_EXERCISE DESCRIPTION_.
Repeat the lines of the data exactly and exclude any picture among them.

Start of GIVEN RECORDS

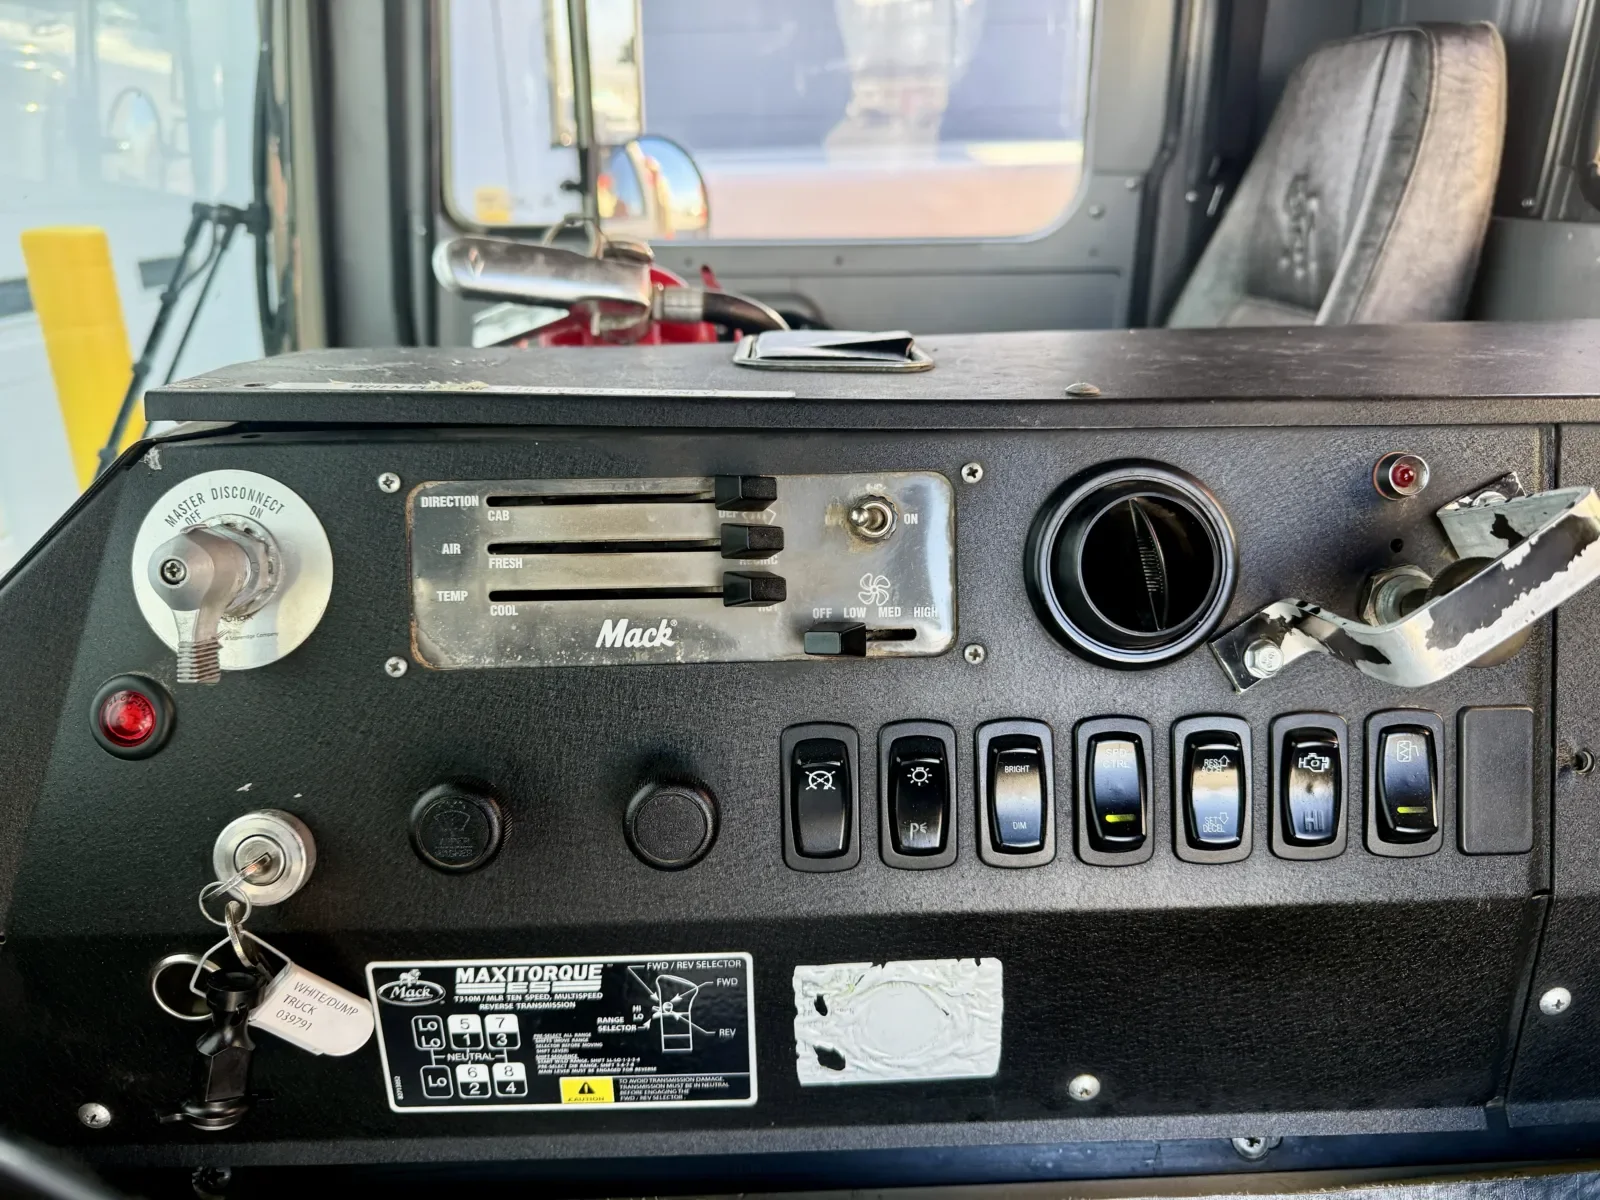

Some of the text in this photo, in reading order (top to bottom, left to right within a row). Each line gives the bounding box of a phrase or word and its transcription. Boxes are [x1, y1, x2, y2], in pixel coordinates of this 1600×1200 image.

[164, 486, 286, 528] MASTER DISCONNECT
[420, 495, 480, 508] DIRECTION
[185, 509, 202, 526] OFF
[249, 505, 264, 519] ON
[487, 510, 510, 522] CAB
[903, 513, 919, 525] ON
[441, 543, 461, 555] AIR
[488, 558, 523, 569] FRESH
[437, 591, 469, 602] TEMP
[490, 605, 519, 616] COOL
[812, 606, 939, 619] OFF LOW MED HIGH
[595, 618, 675, 648] Mack
[1105, 748, 1127, 757] SPD
[1203, 758, 1219, 767] RES
[1004, 764, 1030, 774] BRIGHT
[1201, 765, 1224, 773] ACCEL
[1012, 821, 1027, 830] DIM
[1204, 816, 1218, 825] SET
[1202, 824, 1225, 833] DECEL
[647, 961, 669, 971] FWD
[676, 961, 694, 969] REV
[696, 960, 742, 969] SELECTOR
[455, 963, 604, 983] MAXITORQUE
[716, 977, 738, 986] FWD
[293, 981, 359, 1016] WHITE/DUMP
[389, 985, 434, 1002] Mack
[486, 994, 504, 1002] MLR
[524, 993, 552, 1001] SPEED,
[554, 992, 604, 1000] MULTISPEED
[283, 994, 318, 1016] TRUCK
[479, 1001, 576, 1011] REVERSE TRANSMISSION
[632, 1004, 642, 1013] HI
[275, 1009, 313, 1031] 039791
[495, 1017, 505, 1028] 7
[597, 1016, 624, 1025] RANGE
[633, 1013, 644, 1021] LO
[418, 1018, 438, 1032] Lo
[460, 1018, 470, 1030] 5
[597, 1024, 637, 1033] SELECTOR
[719, 1028, 737, 1037] REV
[421, 1035, 441, 1048] Lo
[463, 1033, 471, 1046] 1
[496, 1033, 508, 1046] 3
[447, 1052, 495, 1062] NEUTRAL
[467, 1066, 478, 1078] 6
[504, 1065, 514, 1077] 8
[427, 1074, 447, 1087] Lo
[469, 1082, 480, 1095] 2
[505, 1081, 517, 1094] 4

End of GIVEN RECORDS

_SOLUTION_.
Some of the text in this photo, in reading order (top to bottom, left to right within a row). Each line gives the bounding box of a phrase or word and its transcription. Boxes are [x1, y1, x2, y2], in pixel coordinates of this 1600×1200 image.

[164, 486, 286, 528] MASTER DISCONNECT
[420, 495, 480, 508] DIRECTION
[185, 509, 202, 526] OFF
[249, 505, 264, 519] ON
[487, 510, 510, 522] CAB
[903, 513, 919, 525] ON
[441, 543, 461, 555] AIR
[488, 558, 523, 569] FRESH
[437, 591, 469, 602] TEMP
[490, 605, 519, 616] COOL
[812, 606, 939, 619] OFF LOW MED HIGH
[595, 618, 675, 648] Mack
[1105, 748, 1127, 757] SPD
[1203, 758, 1219, 767] RES
[1004, 764, 1030, 774] BRIGHT
[1201, 765, 1224, 773] ACCEL
[1012, 821, 1027, 830] DIM
[1204, 816, 1218, 825] SET
[1202, 824, 1225, 833] DECEL
[647, 961, 669, 971] FWD
[676, 961, 694, 969] REV
[696, 960, 742, 969] SELECTOR
[455, 963, 604, 983] MAXITORQUE
[716, 977, 738, 986] FWD
[293, 981, 359, 1016] WHITE/DUMP
[389, 985, 434, 1002] Mack
[486, 994, 504, 1002] MLR
[524, 993, 552, 1001] SPEED,
[554, 992, 604, 1000] MULTISPEED
[283, 994, 318, 1016] TRUCK
[479, 1001, 576, 1011] REVERSE TRANSMISSION
[632, 1004, 642, 1013] HI
[275, 1009, 313, 1031] 039791
[495, 1017, 505, 1028] 7
[597, 1016, 624, 1025] RANGE
[633, 1013, 644, 1021] LO
[418, 1018, 438, 1032] Lo
[460, 1018, 470, 1030] 5
[597, 1024, 637, 1033] SELECTOR
[719, 1028, 737, 1037] REV
[421, 1035, 441, 1048] Lo
[463, 1033, 471, 1046] 1
[496, 1033, 508, 1046] 3
[447, 1052, 495, 1062] NEUTRAL
[467, 1066, 478, 1078] 6
[504, 1065, 514, 1077] 8
[427, 1074, 447, 1087] Lo
[469, 1082, 480, 1095] 2
[505, 1081, 517, 1094] 4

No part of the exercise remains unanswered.